Hannu Krosing hannu
Sat Sep 24 21:09:19 PDT 2005
On L, 2005-09-24 at 18:32 +0100, Aldor wrote:
> Hi,
> 
> I don't really know how Slony works internally but I know that it uses
> some triggers for getting out new transactions.
> 
> The config of my Slony cluster:
> 
> --- CONFIG START ---
...
> --- CONFIG END ---
> 
> Of course I have also other tables in the same database, which I don't
> want to cluster. When making big data dumps into that tables I noticed
> that since I'm using Slony on that database, buf for another table, the
> big dumps are getting 5-10 times slower.

Are you running this on live db, i.e. are these other tables actively
updated and replicated ?

How long is the time for loading the dumps ?

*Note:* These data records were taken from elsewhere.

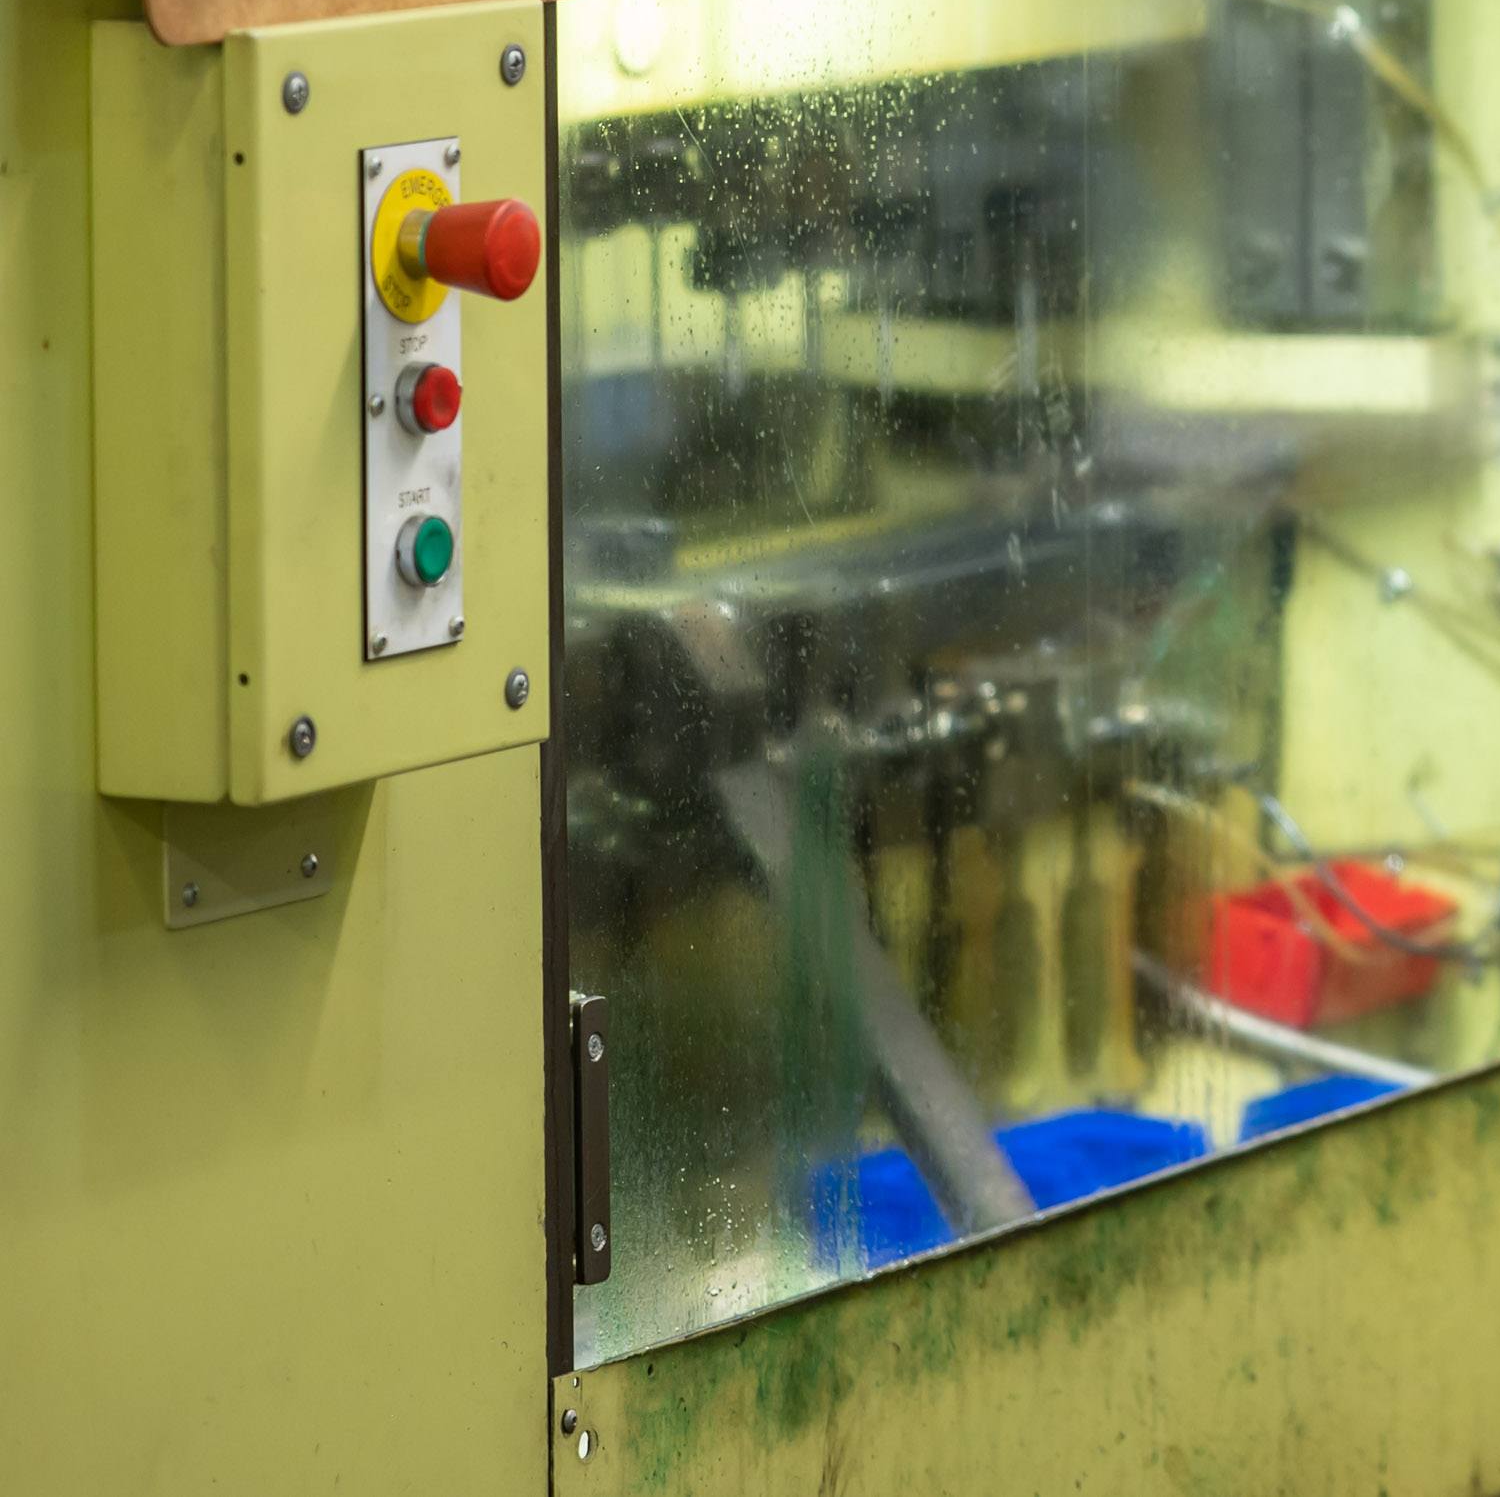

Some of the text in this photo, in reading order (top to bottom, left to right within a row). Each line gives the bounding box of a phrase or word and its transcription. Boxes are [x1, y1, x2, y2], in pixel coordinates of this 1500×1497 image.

[382, 274, 412, 311] STOP
[399, 334, 428, 354] STOP
[398, 487, 431, 508] START
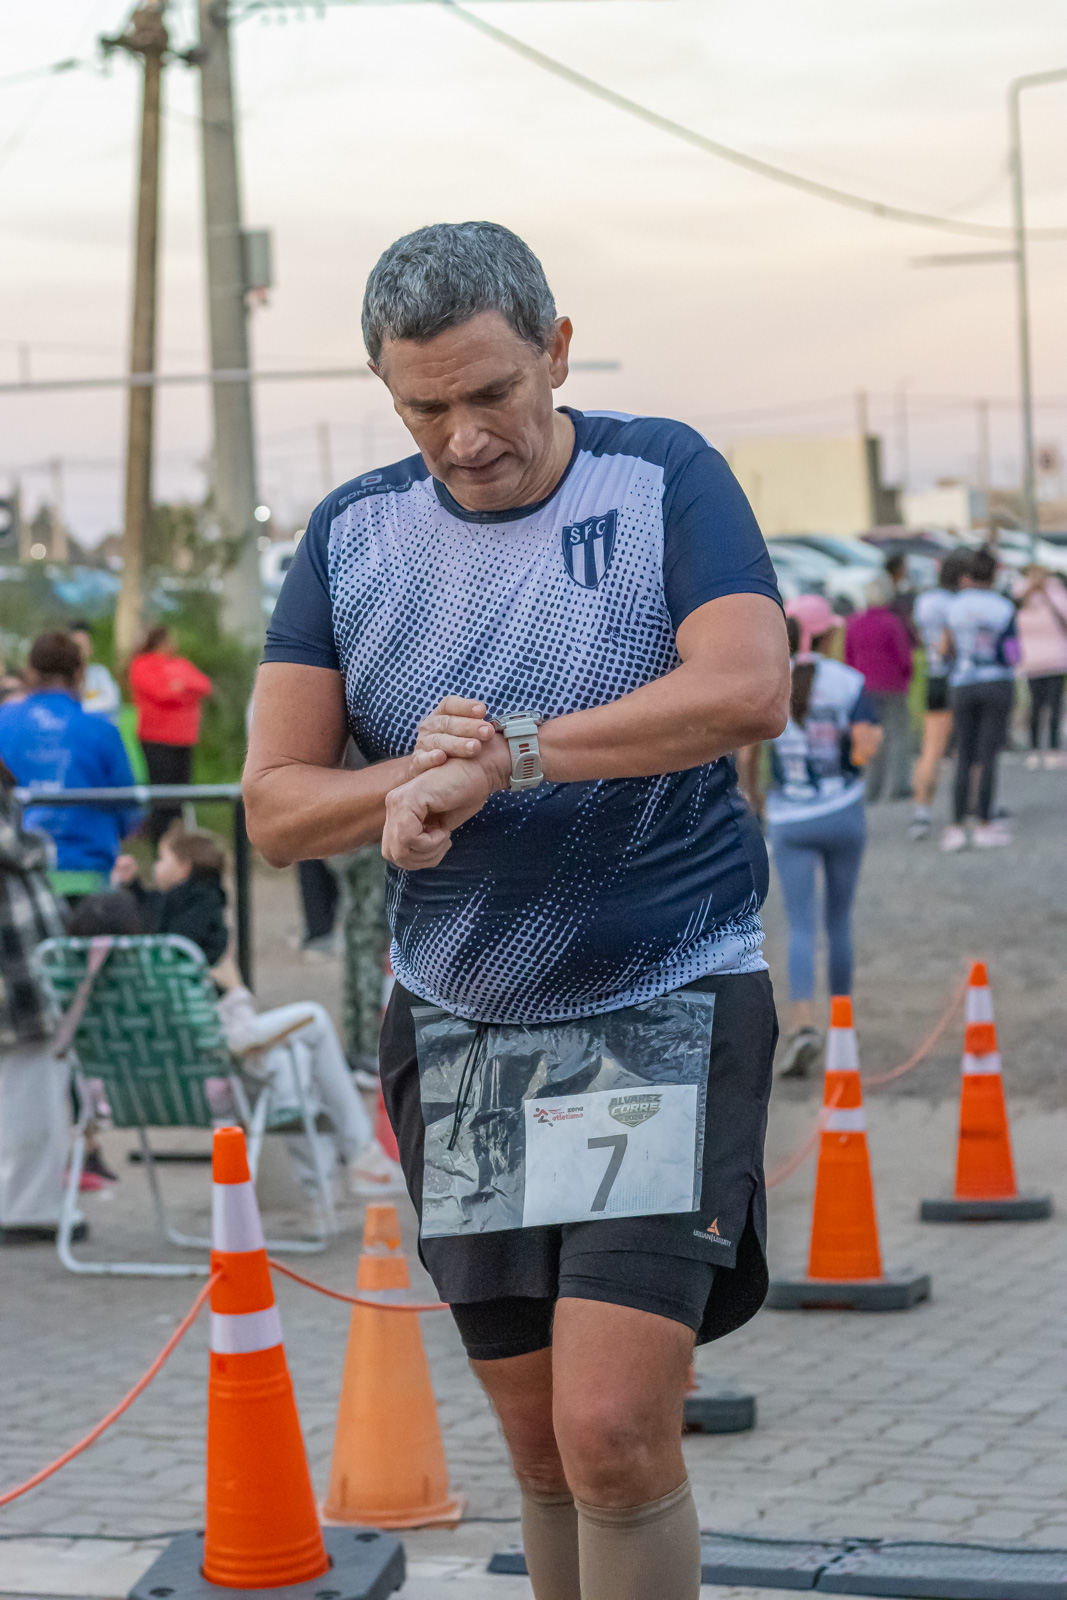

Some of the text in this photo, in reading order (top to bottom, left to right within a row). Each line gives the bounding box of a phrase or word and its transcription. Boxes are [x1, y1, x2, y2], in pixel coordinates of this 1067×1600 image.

[569, 519, 606, 543] SFC
[609, 1094, 664, 1106] ALVAREZ
[611, 1103, 660, 1116] CORRE
[587, 1134, 628, 1212] 7

> The only explanation I have is
> that it has maybe something to do with Slony - because nothing else have
> been changed. May be Slony do in each row dump of the process any things
> which can slow down the process - even if Slony should not care about
> this other table?!

Slony triggers should not directly affect the tables they are *not* used
on.

For longer transactions, when tables pg_listener, sl_log_1 and others
start to grow into megabytes in size, queries issued by slon can
sometimes misbehave, eat tons of CPU, wait for several minutes for locs
on pg_listener and do other bad things bogging the whole database down.

But this is through secondary effects of *any* long transactions, not
the slony *triggers* on unrelated tables.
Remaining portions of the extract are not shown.